Merge pull request #48 from CatchTheTornado/fix_46

pkarw · web-flow · commit fbd31e18ea68 · 2024-11-28T15:15:19.000+01:00
fix(#46) - fixed the way new ollama handles images
diff --git a/app/ocr_strategies/llama_vision.py b/app/ocr_strategies/llama_vision.py
@@ -1,4 +1,5 @@
 import base64
+import tempfile
 from ocr_strategies.ocr_strategy import OCRStrategy
 import ollama
 import io
@@ -20,14 +21,21 @@ def extract_text_from_pdf(self, pdf_bytes):
             # Convert image to base64
             buffered = io.BytesIO()
             image.save(buffered, format="JPEG")
-            img_str = base64.b64encode(buffered.getvalue()).decode('utf-8')
+            #img_str = base64.b64encode(buffered.getvalue()).decode('utf-8')

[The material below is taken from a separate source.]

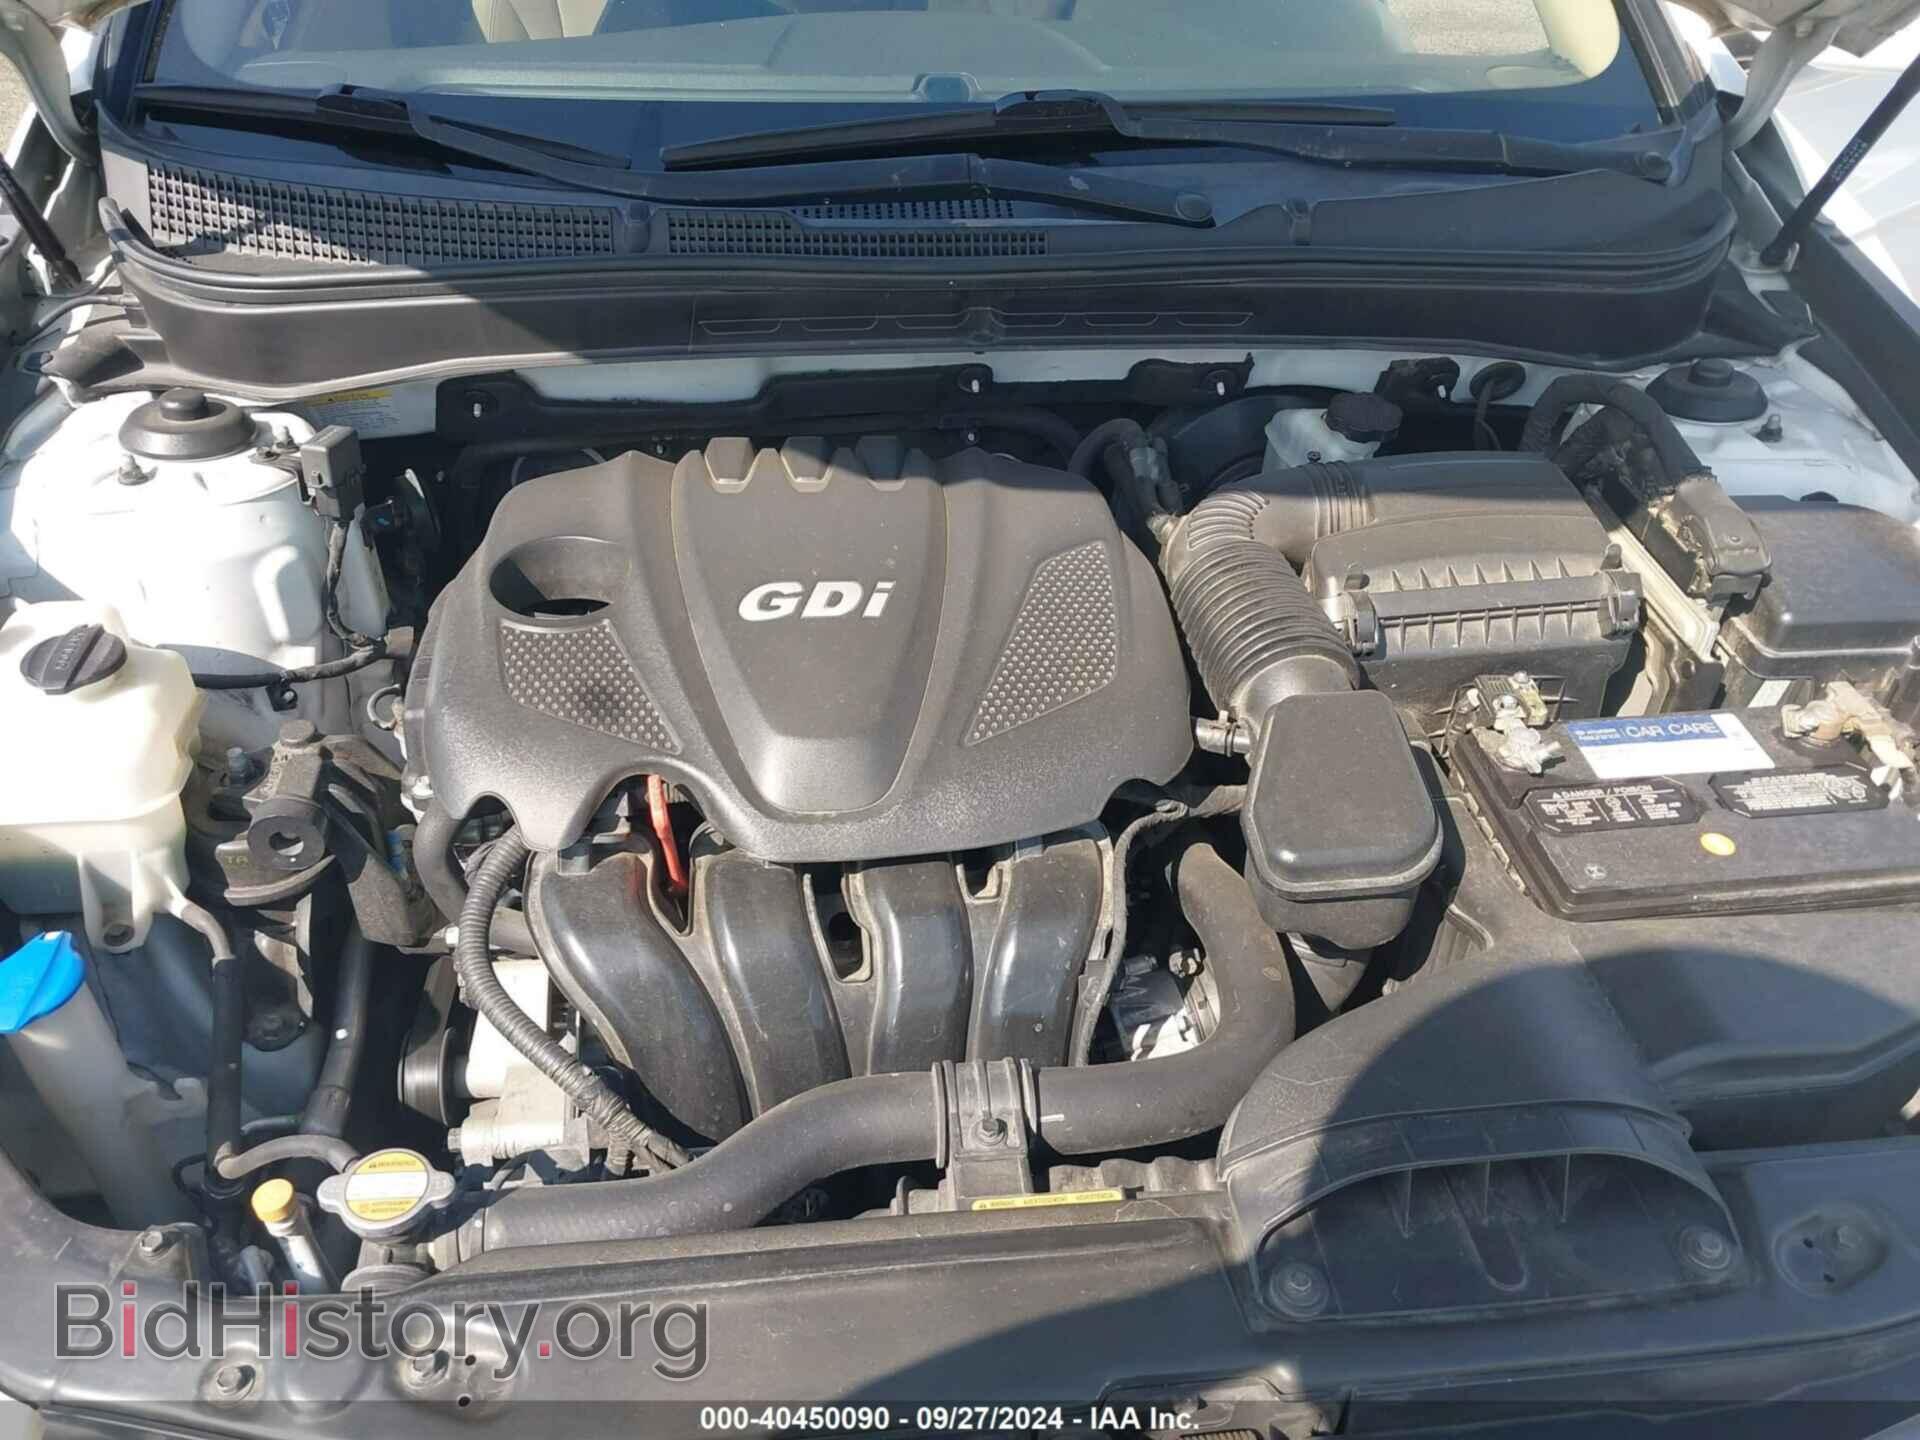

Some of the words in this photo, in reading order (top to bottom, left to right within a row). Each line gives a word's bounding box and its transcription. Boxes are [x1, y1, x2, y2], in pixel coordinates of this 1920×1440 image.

+            # Save image to a temporary file and get its path
+            temp_filename = None
+            with tempfile.NamedTemporaryFile(suffix=".jpg", delete=False) as temp_file:
+                image.save(temp_file, format="JPEG")
+                temp_filename = temp_file.name
 
             # Generate text using the Llama 3.2 Vision model
             try:
                 response = ollama.chat("llama3.2-vision", [{
+                    'role': 'user',
                     'content':  os.getenv('LLAMA_VISION_PROMPT', "You are OCR. Convert image to markdown."),
-                    'images': [img_str]
+                    'images': [temp_filename]
                 }], stream=True)
+                os.remove(temp_filename)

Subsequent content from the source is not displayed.